В бельэтаж приходили по приглашению. В подвал забегали на огонек. Расходились по комнатам. Кочевали табором из одной в другую. Театральные страсти кипели. Особенно в 1936-м, когда властью получившего на откуп Комитет по делам искусств Платона Керженцева один за другим прекращали свое существование московские театры. Восемнадцать за один год. Среди них — МХАТ Второй и едва успевший определиться Московский Художественный рабочий театр в Чудовом переулке у Мясницких ворот. Бунтовавшей молодежи Первого и Второго МХАТа и театра Корша пришлось уступить место детской самодеятельности — первому Московскому городскому дворцу пионеров в особняке чаеторговцев Высоцких.
Не искали справедливости, не просили о помощи — недоумевали: переполненные залы, отличные рецензии, свой зритель. В чем же дело? Уже в 1950-х дед скажет: «Пожалуй, самое удивительное — даже не слишком боялись. Просто ждали». — «Чего?» — «Всего. Знаешь, когда у человека нет ни прав, ни воли… Все было решено теми пресловутыми сталинскими „винтиками“, каждый обязан себя осознавать винтиком грандиозной неслыханной коммунистической машины. Винтик одинаково можно пустить в дело или на переплавку, заменить или выкинуть. Особенно когда винтики были счастливы своей одинаковостью, непонятным образом даже самоутверждались в ней. Видела когда-нибудь физкультурные парады на Красной площади?»
Видела. В киножурналах. Бритые головы. Загар. Трусы. Мускулы. Метровый шаг. Один, как все, все, как один…
Рассказы о Художественном общедоступном были вместо сказок. Станиславский на репетициях: «не верю» до обмороков. Хлопоты с костюмами Марьи Петровны Григорьевой, которая могла их примерять актерам тоже до бесчувствия. Словечки Якова Ивановича Гремиславского — чародея от грима. Шутки Лужского… Самый любимый рассказ — о работе деда над ролью Кота в «Синей птице» Метерлинка. Самый грустный — о Мейерхольде в роли царя Федора Иоанновича. Мейерхольд готов был играть любую роль, но об этой мечтал. Не соглашался с драматургом. Царя видел по-своему.

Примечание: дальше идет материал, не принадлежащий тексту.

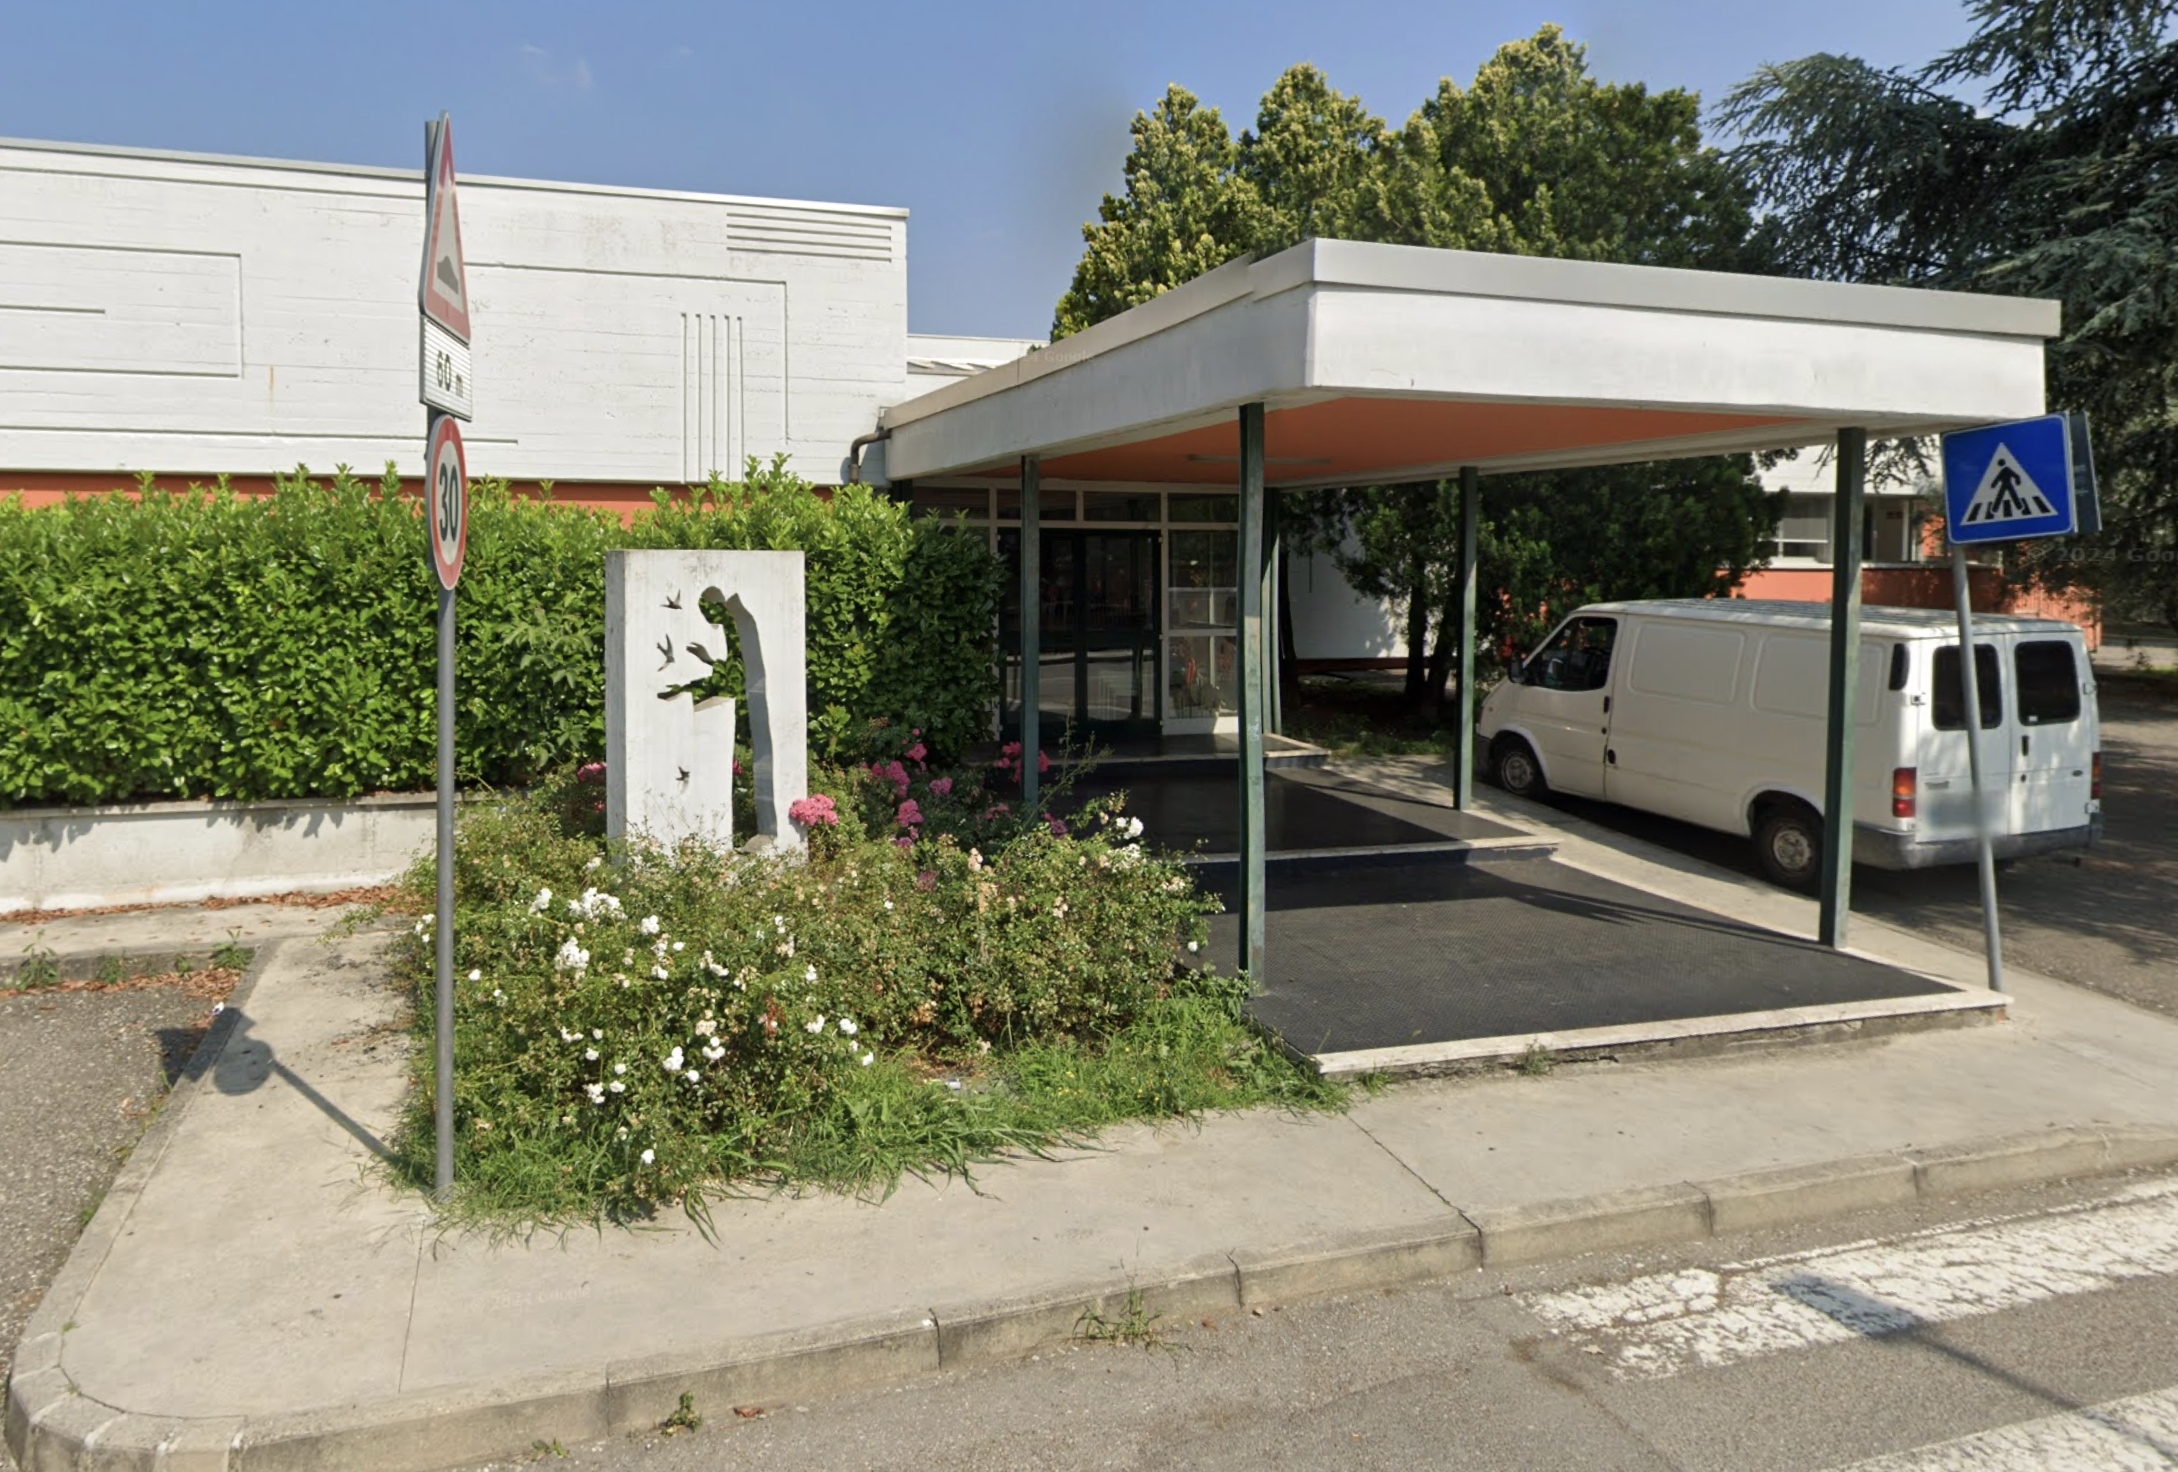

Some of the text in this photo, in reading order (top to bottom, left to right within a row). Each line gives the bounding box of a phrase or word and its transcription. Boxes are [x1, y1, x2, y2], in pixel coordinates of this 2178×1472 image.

«И все-таки дело было не в трактовке — во внутреннем конфликте с Немировичем. Немирович хотел оставаться учителем, указывать, подчинять себе. Мейерхольд шел своими путями и мог выиграть. Успех у него бывал разный. Иногда очень большой. Всеволода Эмильевича на сцене ждали. Прощали срывы. Он всегда оставался ярким. И на редкость органичным». — «Трудный характер?» — «Обывательское определение! От ограниченности и зависти. Трудный — потому что работающий. Ищущий. В своих поисках бескомпромиссный. В жизни предпочитают безразличных. Индифферентных, что ли.
У пришедшего ему на смену в спектакль Москвина был быт. Вкусный. Яркий. У Мейерхольда — анатомия призвания и возможностей. Власть, как нечто надчеловеческое, и человек. У его Федора какое-то нутряное существо самодержавия во всей его бессмысленности и жестокости. Противопоказанность, может быть. Или вырождение идеи. Это было гнетуще страшно».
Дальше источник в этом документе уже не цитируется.